Referring expression grounding data:
*-*-*
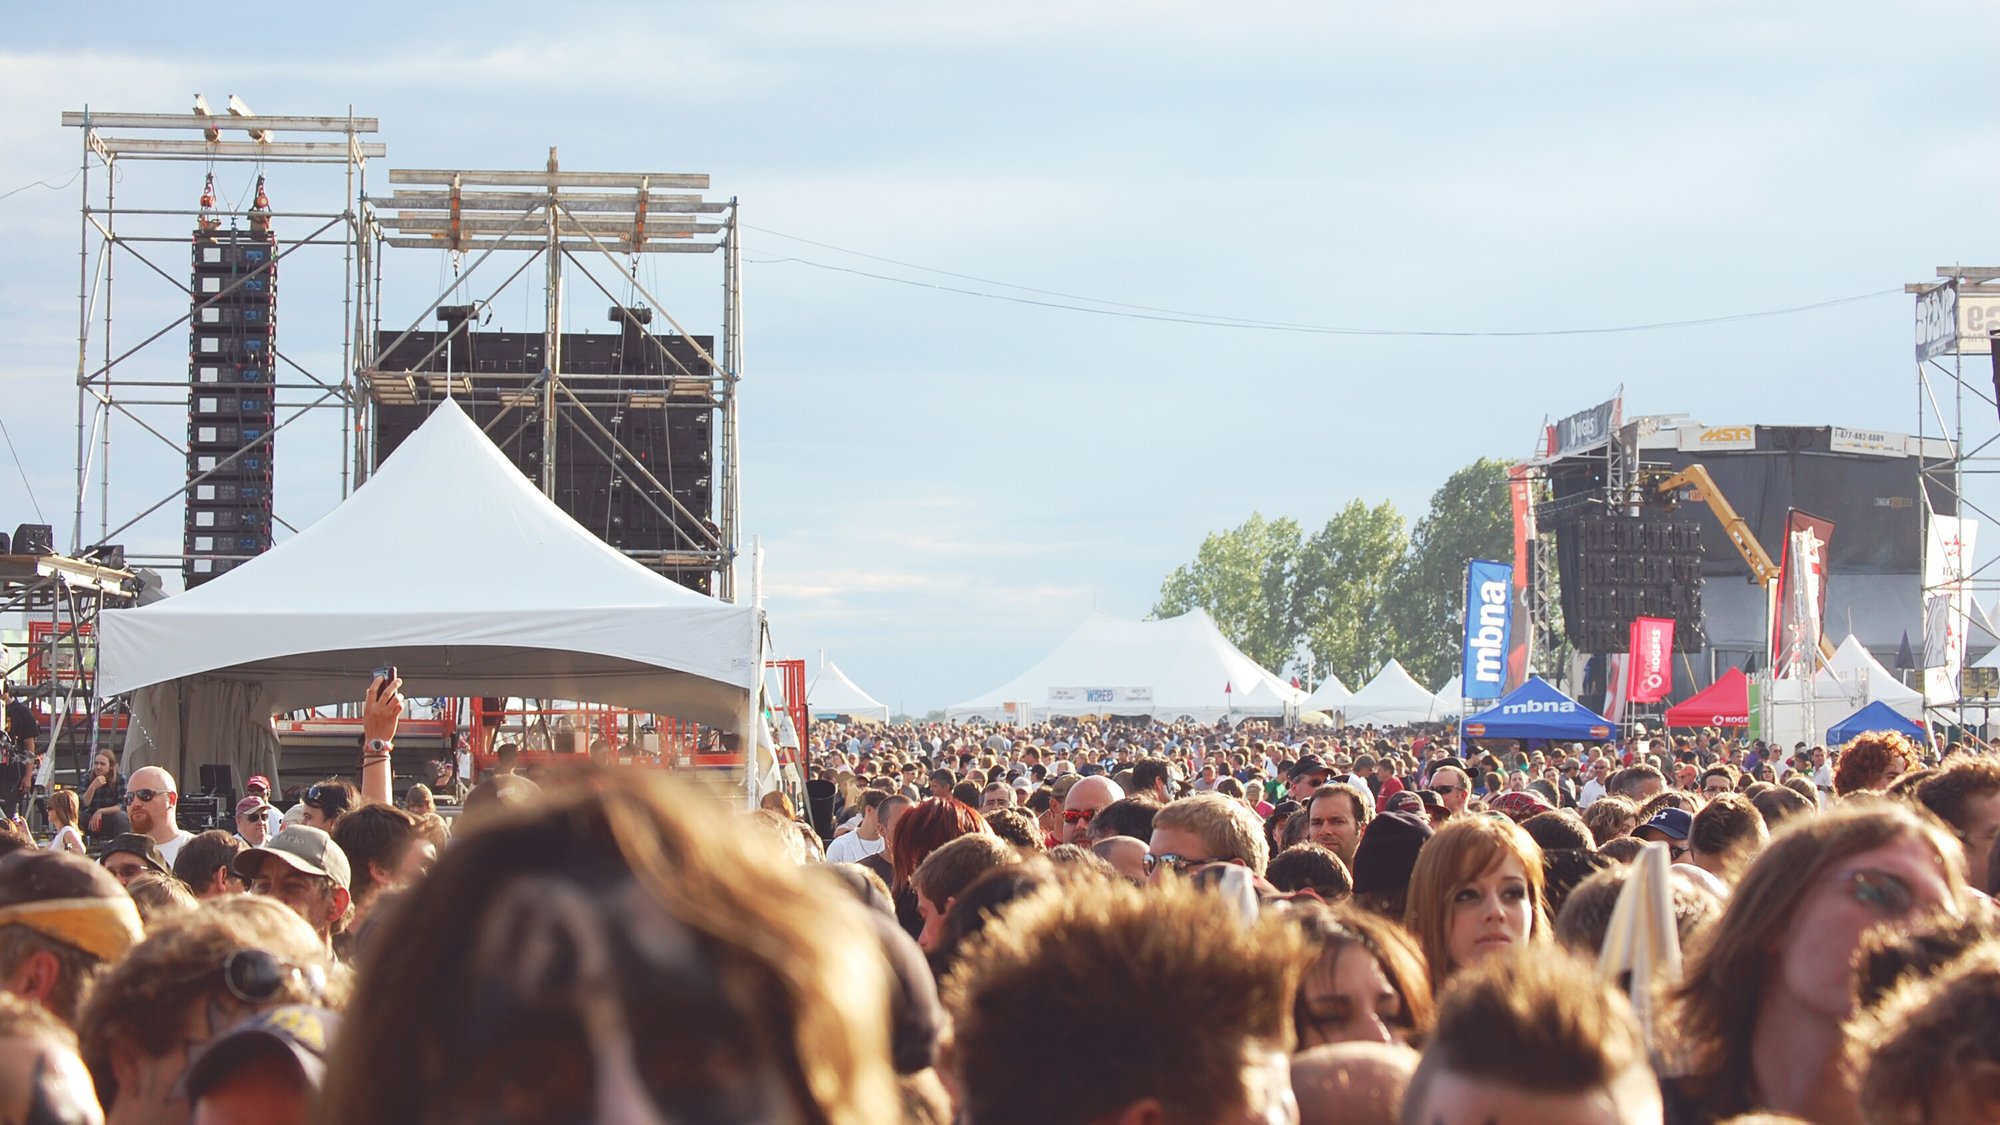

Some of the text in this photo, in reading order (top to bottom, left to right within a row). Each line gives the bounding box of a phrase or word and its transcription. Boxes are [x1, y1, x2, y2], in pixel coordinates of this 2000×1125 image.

[1700, 428, 1752, 442] MSR
[1471, 580, 1506, 682] mbna
[1651, 628, 1661, 673] ROGERS
[1503, 701, 1575, 714] mbna
*-*-*
_To do_
Only the records, copied exactly and free of pictures, belong in the answer.

_Written answer_
Some of the text in this photo, in reading order (top to bottom, left to right within a row). Each line gives the bounding box of a phrase or word and its transcription. Boxes are [x1, y1, x2, y2], in pixel coordinates of this 2000×1125 image.

[1700, 428, 1752, 442] MSR
[1471, 580, 1506, 682] mbna
[1651, 628, 1661, 673] ROGERS
[1503, 701, 1575, 714] mbna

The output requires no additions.